El dato de bebidas alcohólicas creciendo 6,7% también resulta revelador desde el punto de vista social. Históricamente, en contextos de crisis prolongada aumentan ciertos consumos vinculados a escape emocional, ansiedad o deterioro de expectativas colectivas. No es casual que mientras caen alimentos esenciales crezcan rubros asociados a evasión o consumo emocional.
El Gobierno insiste en que la desaceleración inflacionaria terminará ordenando el resto de las variables económicas. Pero los números empiezan a mostrar otro escenario posible: una economía estabilizada financieramente, aunque socialmente cada vez más deteriorada.
Ese es el riesgo central que empieza a enfrentar Milei.
Porque la estabilidad económica no depende únicamente del dólar o de la inflación. También depende de legitimidad social. Y cuando millones de personas sienten que trabajan más para consumir menos, el problema deja de ser solamente técnico.

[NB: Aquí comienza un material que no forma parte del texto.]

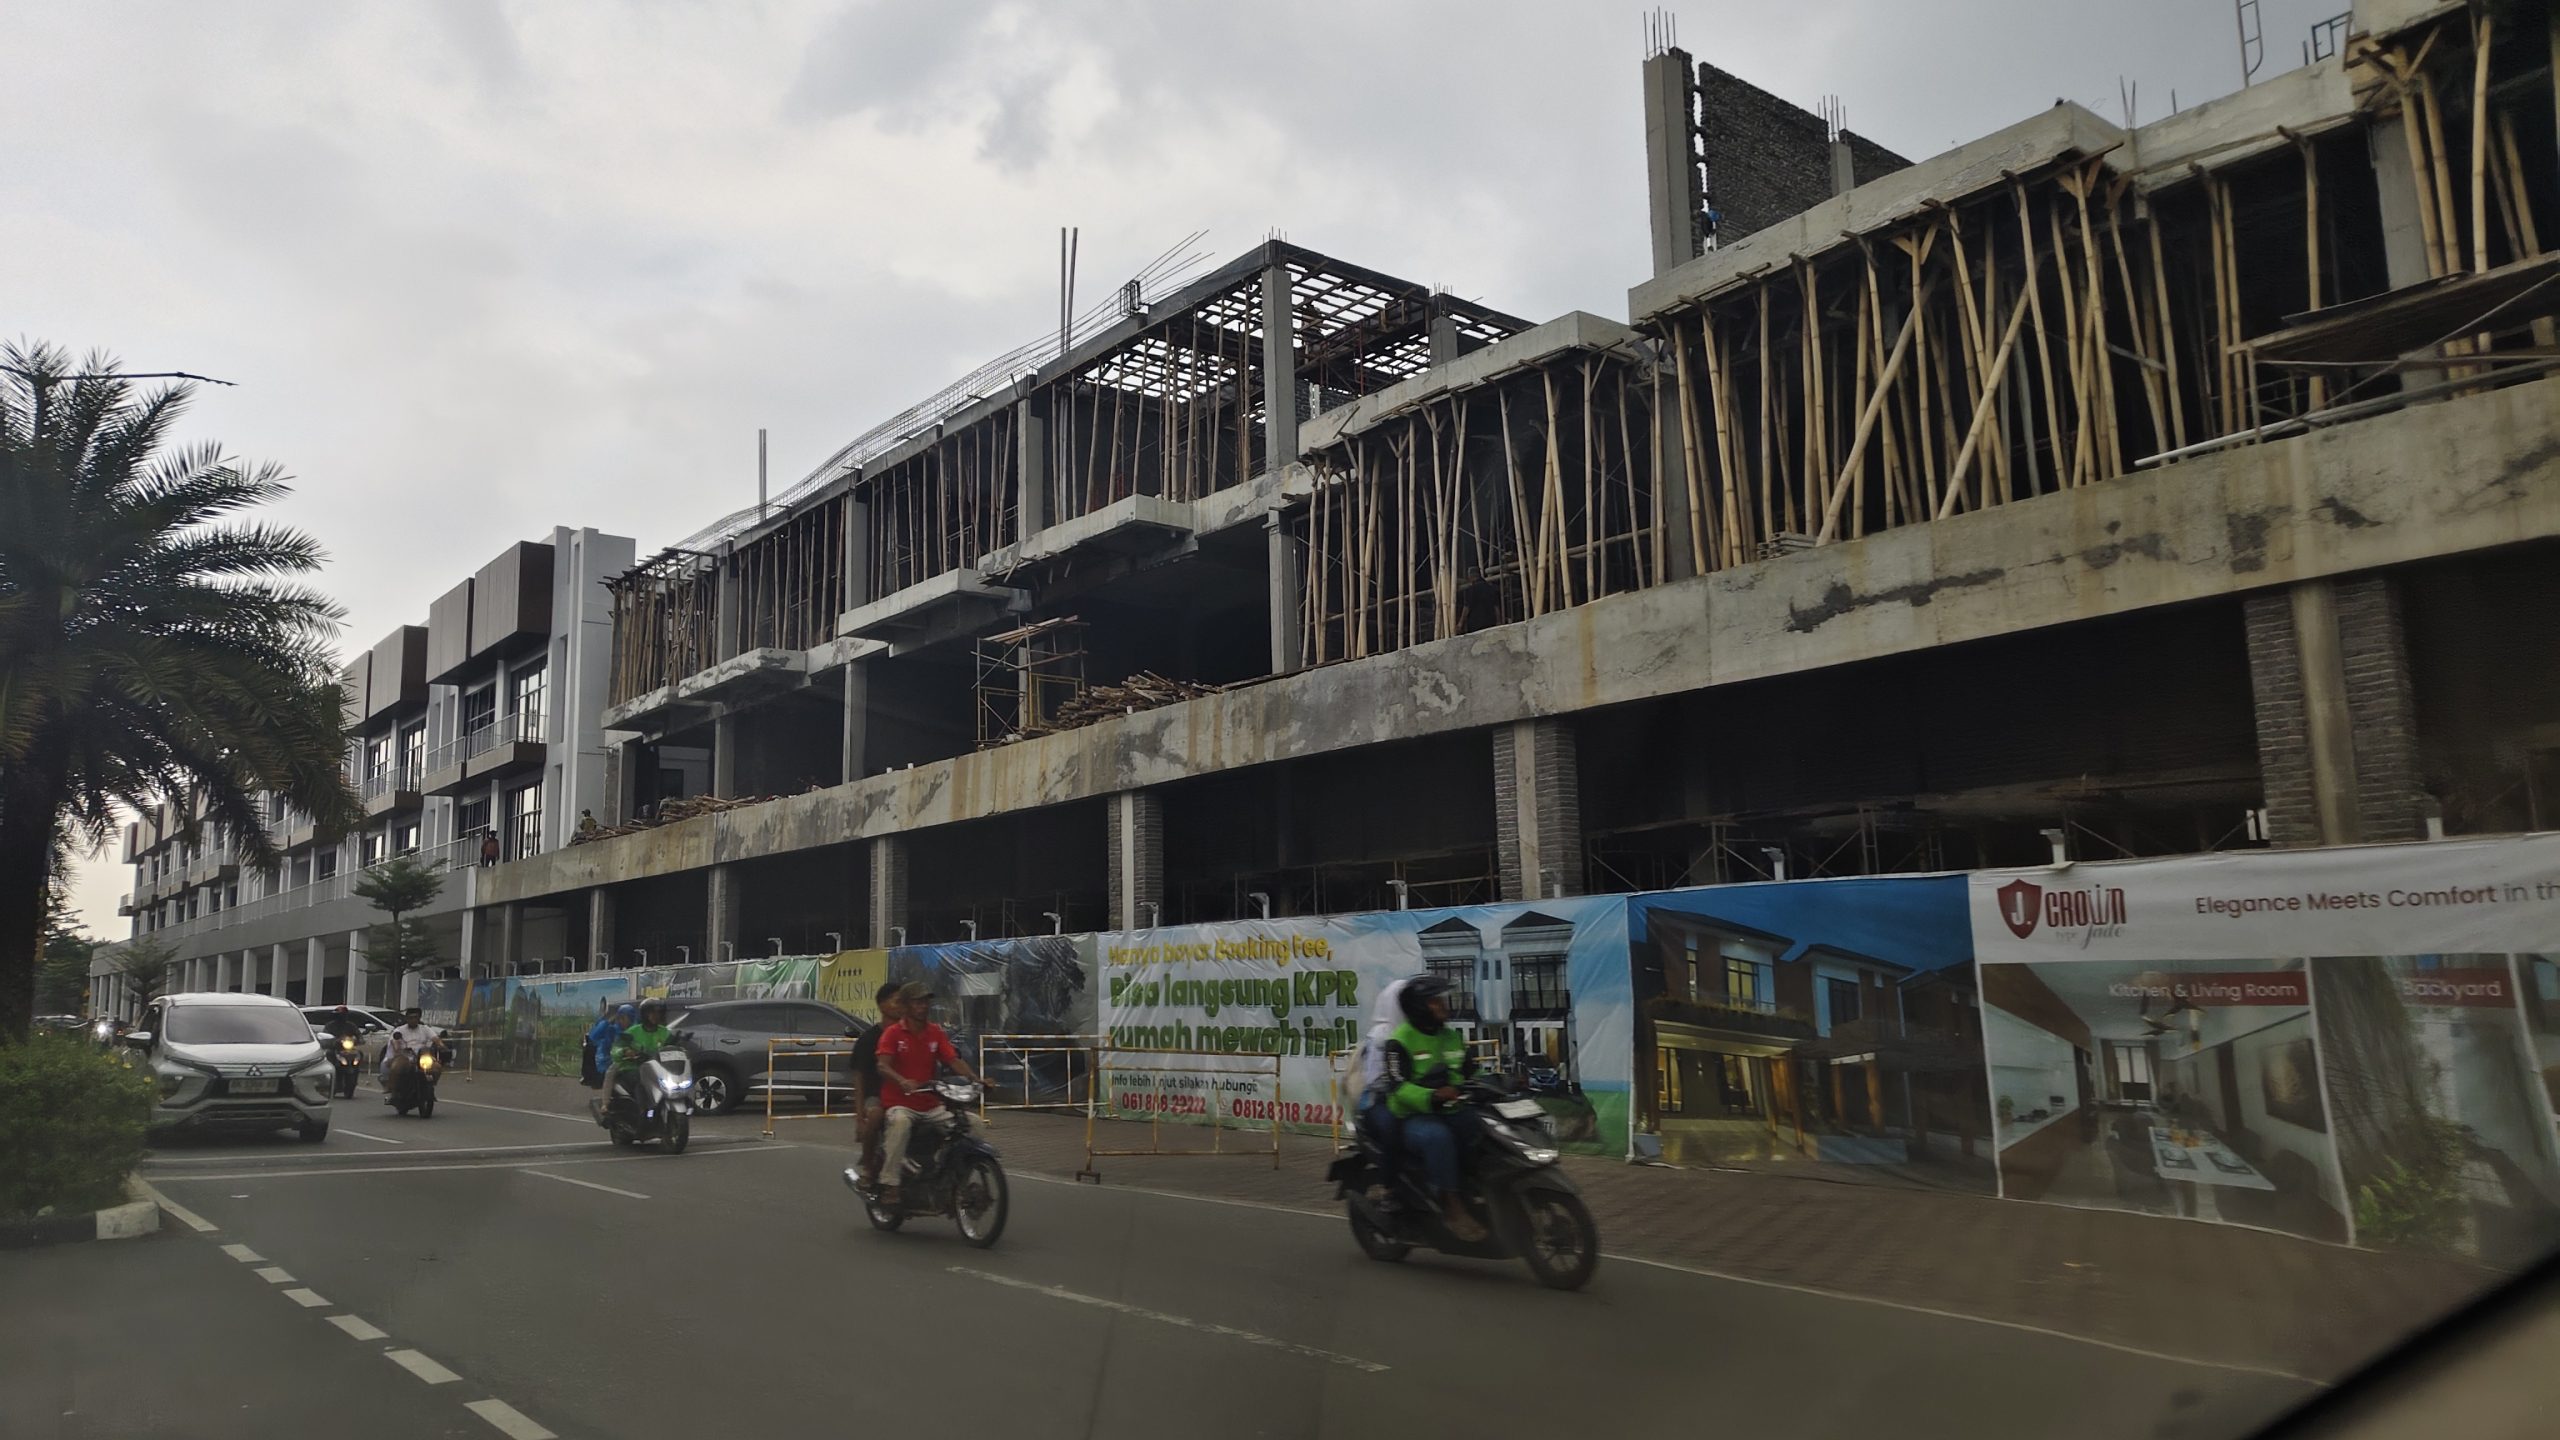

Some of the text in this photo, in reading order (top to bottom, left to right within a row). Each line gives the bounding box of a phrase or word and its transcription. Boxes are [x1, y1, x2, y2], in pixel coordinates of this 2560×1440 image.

Se transforma en político.
La caída persistente del consumo revela exactamente eso: una sociedad donde la estabilidad prometida todavía no se traduce en mejora material concreta. Mientras el Gobierno celebra equilibrio fiscal y baja inflacionaria, cada vez más argentinos reorganizan su vida cotidiana alrededor de una sola pregunta qué dejar de comprar para poder llegar a fin de mes.